Nell’era dell’economia digitale, si cerca sempre più di puntare alla regolamentazione della tassazione per le multinazionali che operano in rete, con l’obiettivo di garantire equità fiscale e concorrenza leale.


La webtax è il tentativo di contrastare l’evasione fiscale tipica delle transazioni online.


Transazioni intese come commercio elettronico diretto o indiretto, che sfuggono al regime di tassazione dei Paesi dove vengono fruiti i beni o i servizi venduti e sui quali si producono ricavi.

L’esigenza è quella di non consentire che società estere non paghino le tasse nei Paesi dove operano, ma in quelli dove hanno la sede legale che, molto spesso, hanno un’imposizione fiscale molto più bassa di quella dei Paesi membri dell’Unione europea.

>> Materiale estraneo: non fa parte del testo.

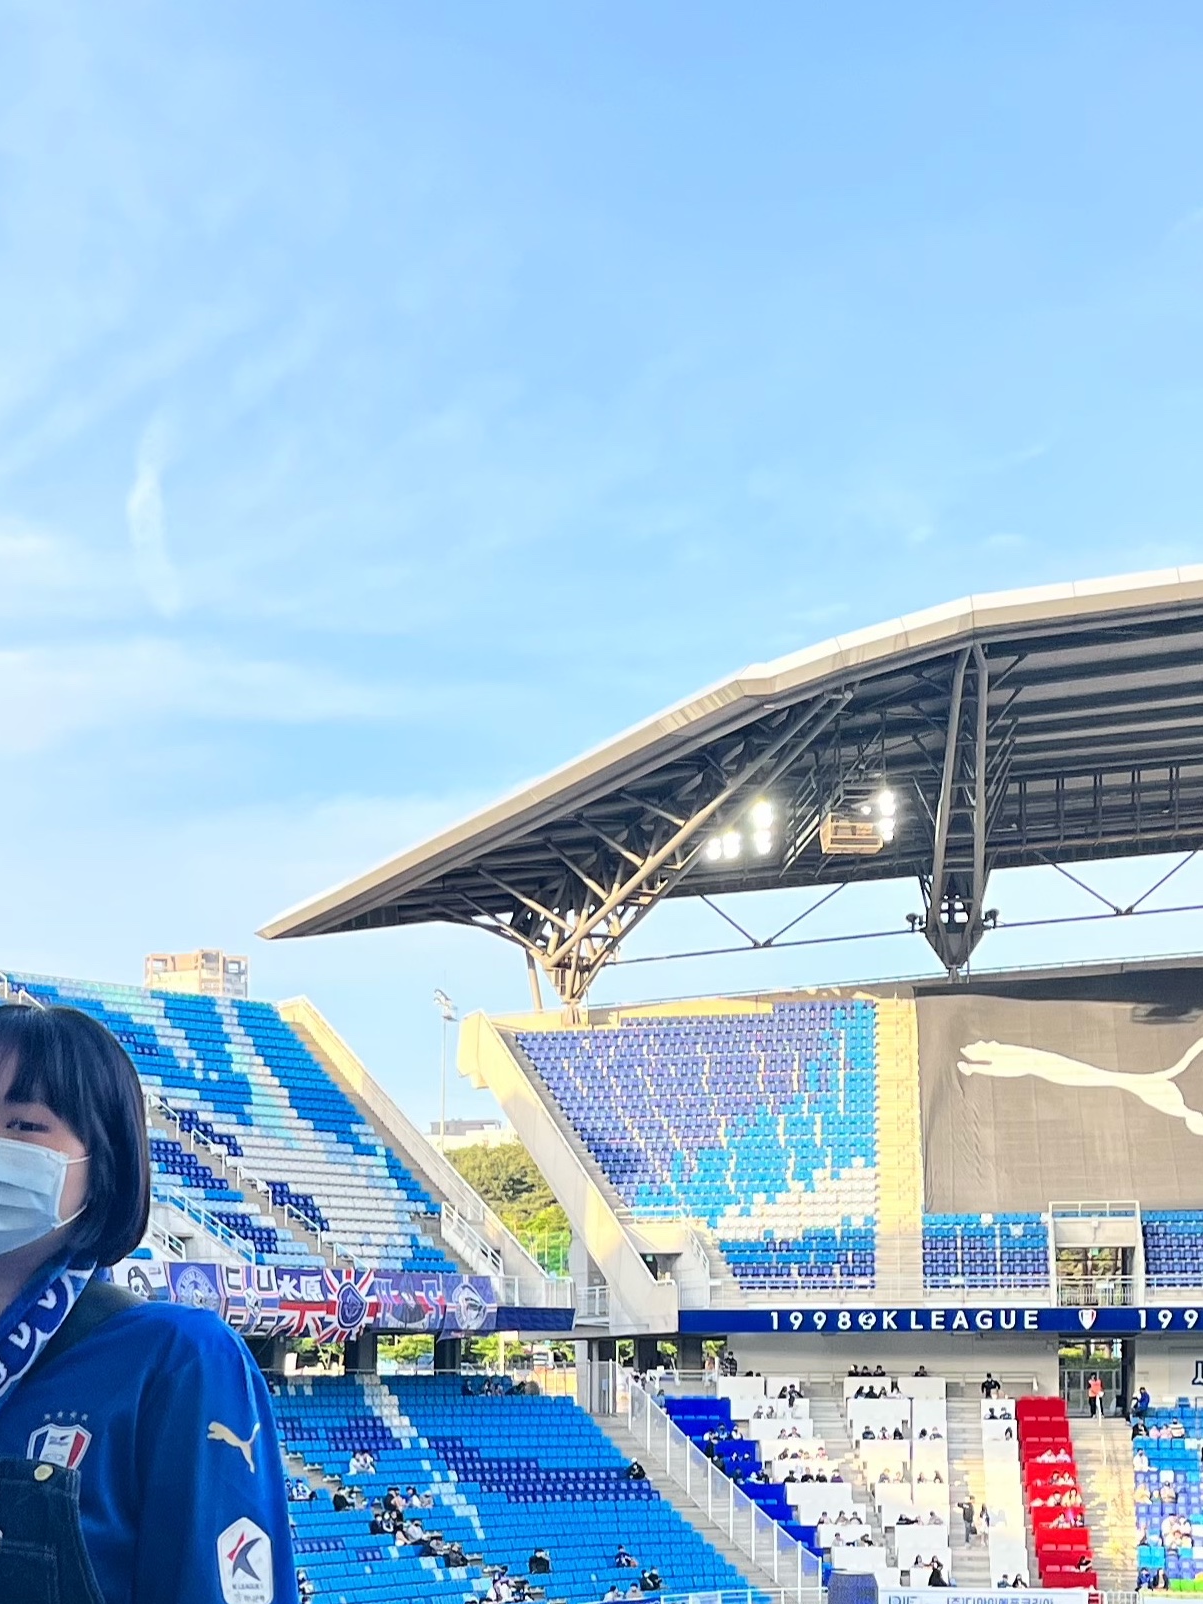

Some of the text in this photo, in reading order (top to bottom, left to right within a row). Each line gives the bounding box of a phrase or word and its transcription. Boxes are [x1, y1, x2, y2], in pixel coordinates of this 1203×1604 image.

[278, 1274, 324, 1301] 水原
[770, 1310, 849, 1331] 1998
[909, 1310, 1039, 1330] LEAGUE
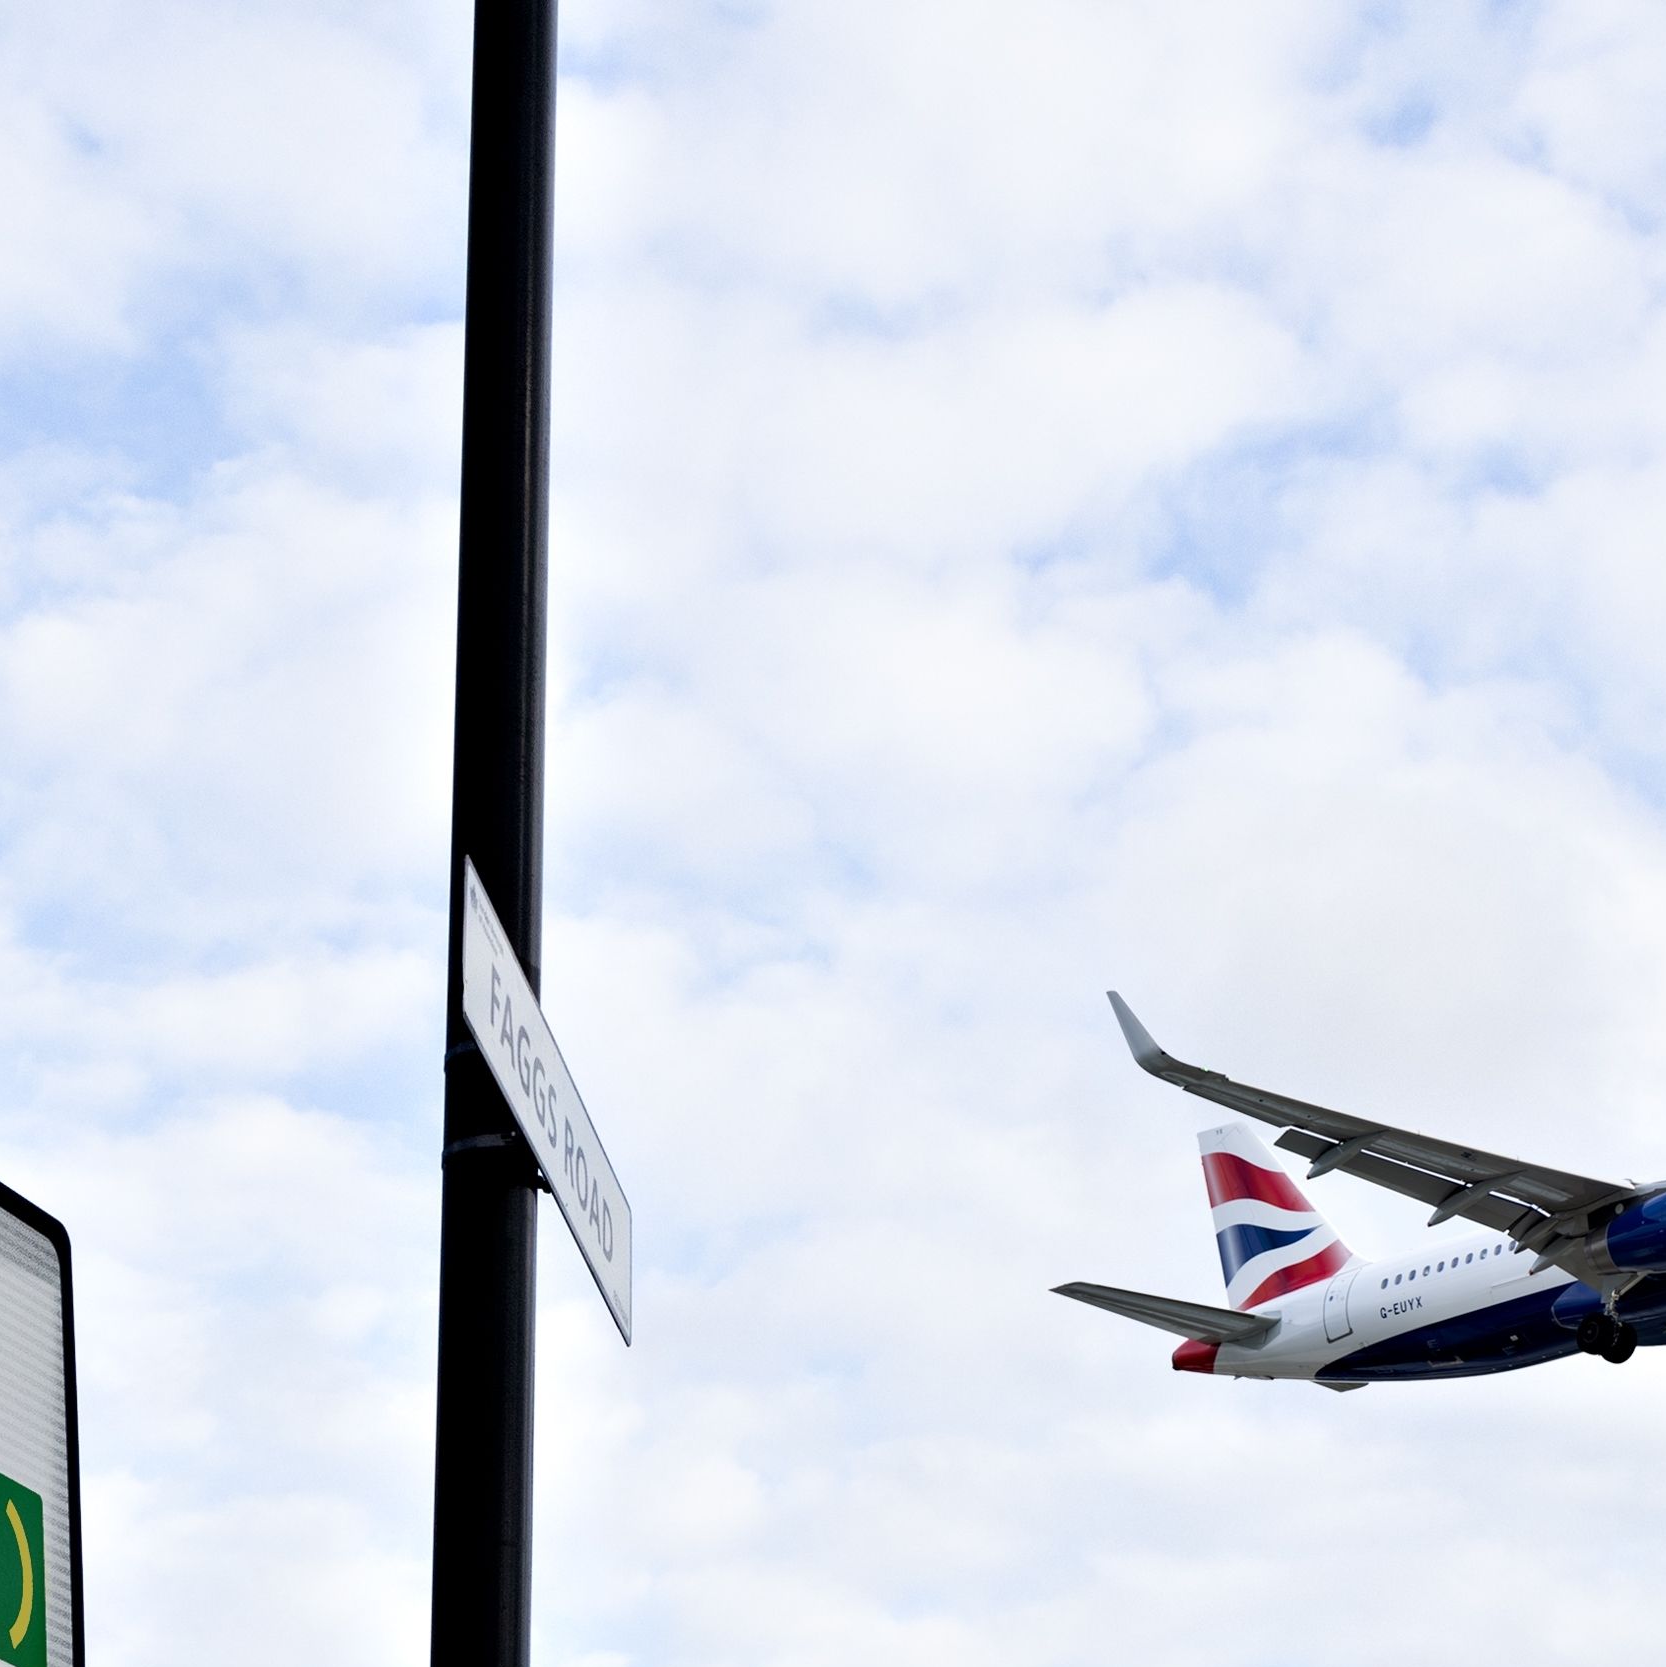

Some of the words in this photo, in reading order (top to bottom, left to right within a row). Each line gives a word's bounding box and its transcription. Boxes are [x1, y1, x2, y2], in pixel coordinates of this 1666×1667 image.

[489, 961, 558, 1150] FAGGS
[564, 1115, 614, 1263] ROAD
[1380, 1296, 1423, 1319] G-EUYX

La Web tax è entrata in vigore in Italia il I° gennaio 2019, come previsto dalla legge di Bilancio, quale imposta sulle transazioni digitali cosiddette “B2B” (business to business).

L’imposta sarà pari al 3%, da applicare sui ricavi delle aziende che prestano servizi digitali e che hanno un ammontare complessivo di ricavi pari o superiore a 750 milioni di euro, di cui almeno 5,5 milioni realizzati nel territorio italiano.

Solo per fare un esempio, nel 2016, la somma di quanto versato da Facebook, Apple, Amazon, Airbnb, Twitter e Tripadvisor è stata di circa 11,7 milioni di euro.

Importi minimi se si considerano i fatturati che queste società ricavano ogni anno grazie alle loro attività in Italia.